▶ _AIM OF THE EXERCISE_: Could you transcribe every record below exactly as written, excluding the pictures?

Collected data:
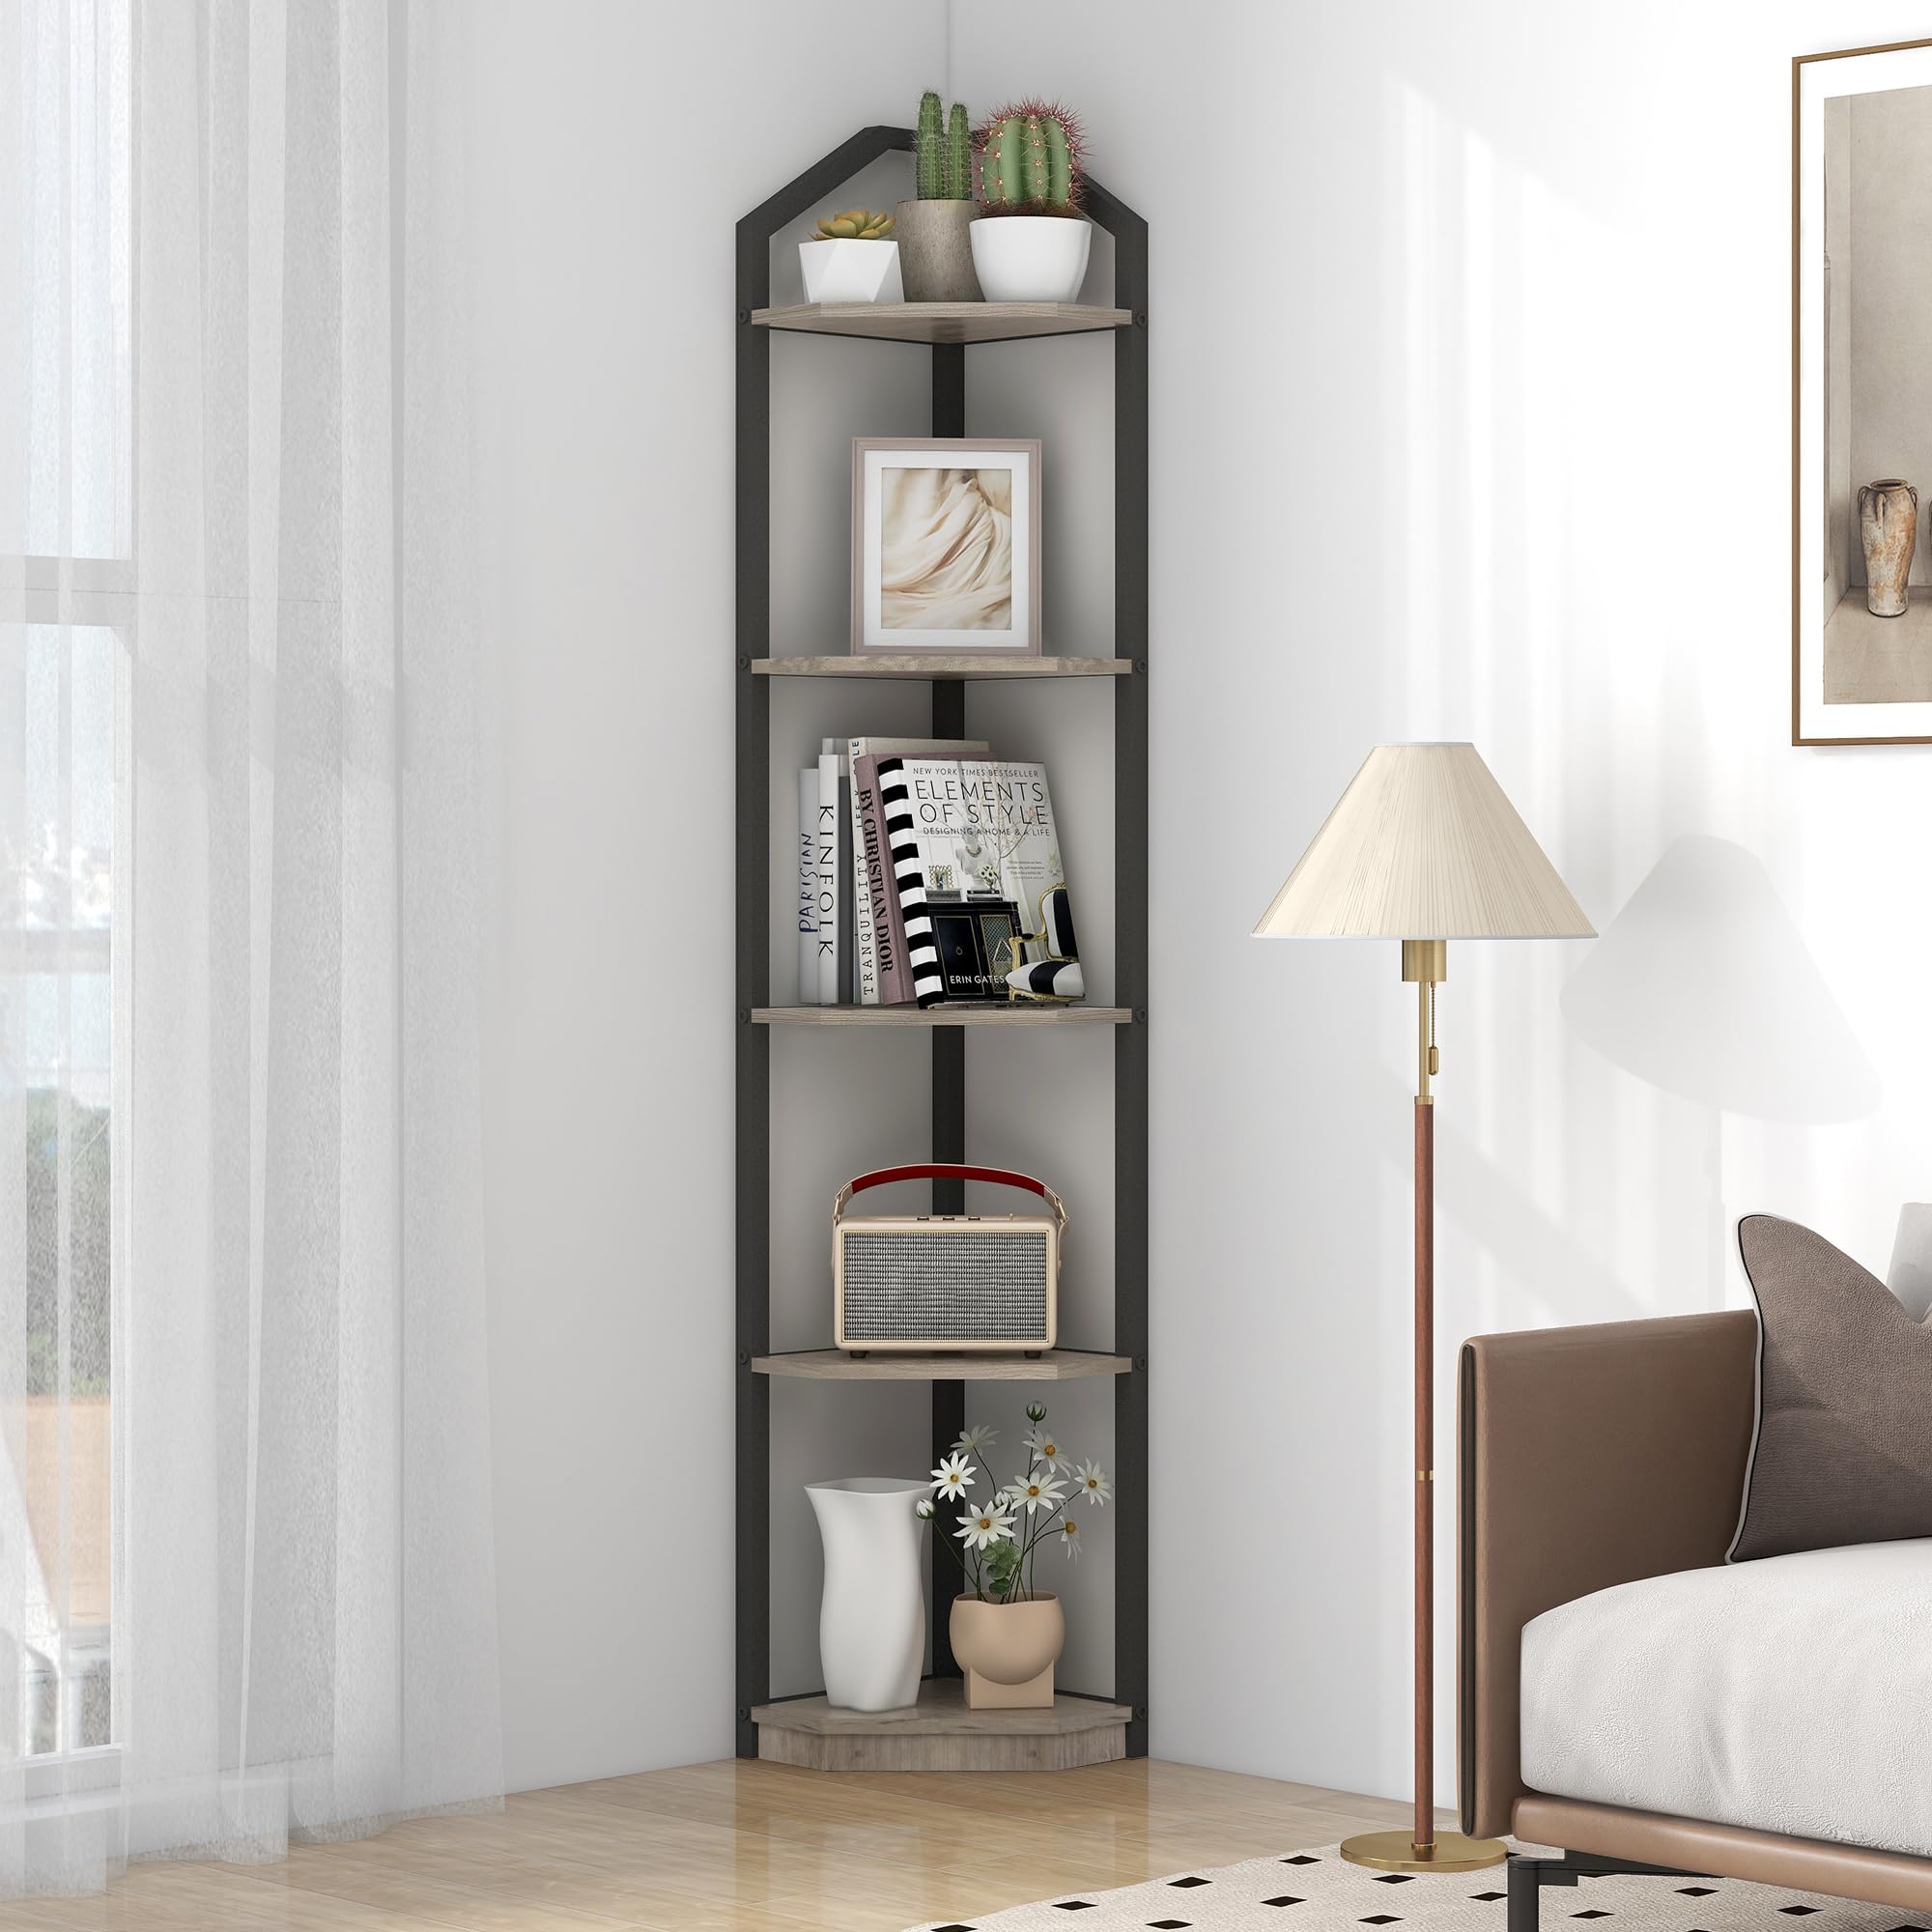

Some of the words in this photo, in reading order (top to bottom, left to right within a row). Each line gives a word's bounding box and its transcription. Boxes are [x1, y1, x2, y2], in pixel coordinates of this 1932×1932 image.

[960, 768, 985, 777] TIMES
[988, 769, 1039, 778] BESTSELLER
[860, 788, 874, 813] BY
[915, 780, 1044, 802] ELEMENTS
[920, 803, 953, 823] OF
[967, 804, 1048, 825] STYLE
[923, 827, 974, 836] DESIGNING
[985, 828, 1011, 837] HOME
[1014, 828, 1021, 837] &
[1032, 829, 1050, 838] LIFE
[819, 805, 834, 958] KINFOLK
[865, 818, 888, 920] CHRISTIAN
[799, 833, 818, 933] PARISIAN
[856, 855, 874, 996] TRANQUILITY
[876, 923, 894, 975] DIOR
[950, 975, 972, 984] ERIN
[974, 975, 1006, 984] GATES

▶ _COMPLETED TASK_:
Some of the words in this photo, in reading order (top to bottom, left to right within a row). Each line gives a word's bounding box and its transcription. Boxes are [x1, y1, x2, y2], in pixel coordinates of this 1932×1932 image.

[960, 768, 985, 777] TIMES
[988, 769, 1039, 778] BESTSELLER
[860, 788, 874, 813] BY
[915, 780, 1044, 802] ELEMENTS
[920, 803, 953, 823] OF
[967, 804, 1048, 825] STYLE
[923, 827, 974, 836] DESIGNING
[985, 828, 1011, 837] HOME
[1014, 828, 1021, 837] &
[1032, 829, 1050, 838] LIFE
[819, 805, 834, 958] KINFOLK
[865, 818, 888, 920] CHRISTIAN
[799, 833, 818, 933] PARISIAN
[856, 855, 874, 996] TRANQUILITY
[876, 923, 894, 975] DIOR
[950, 975, 972, 984] ERIN
[974, 975, 1006, 984] GATES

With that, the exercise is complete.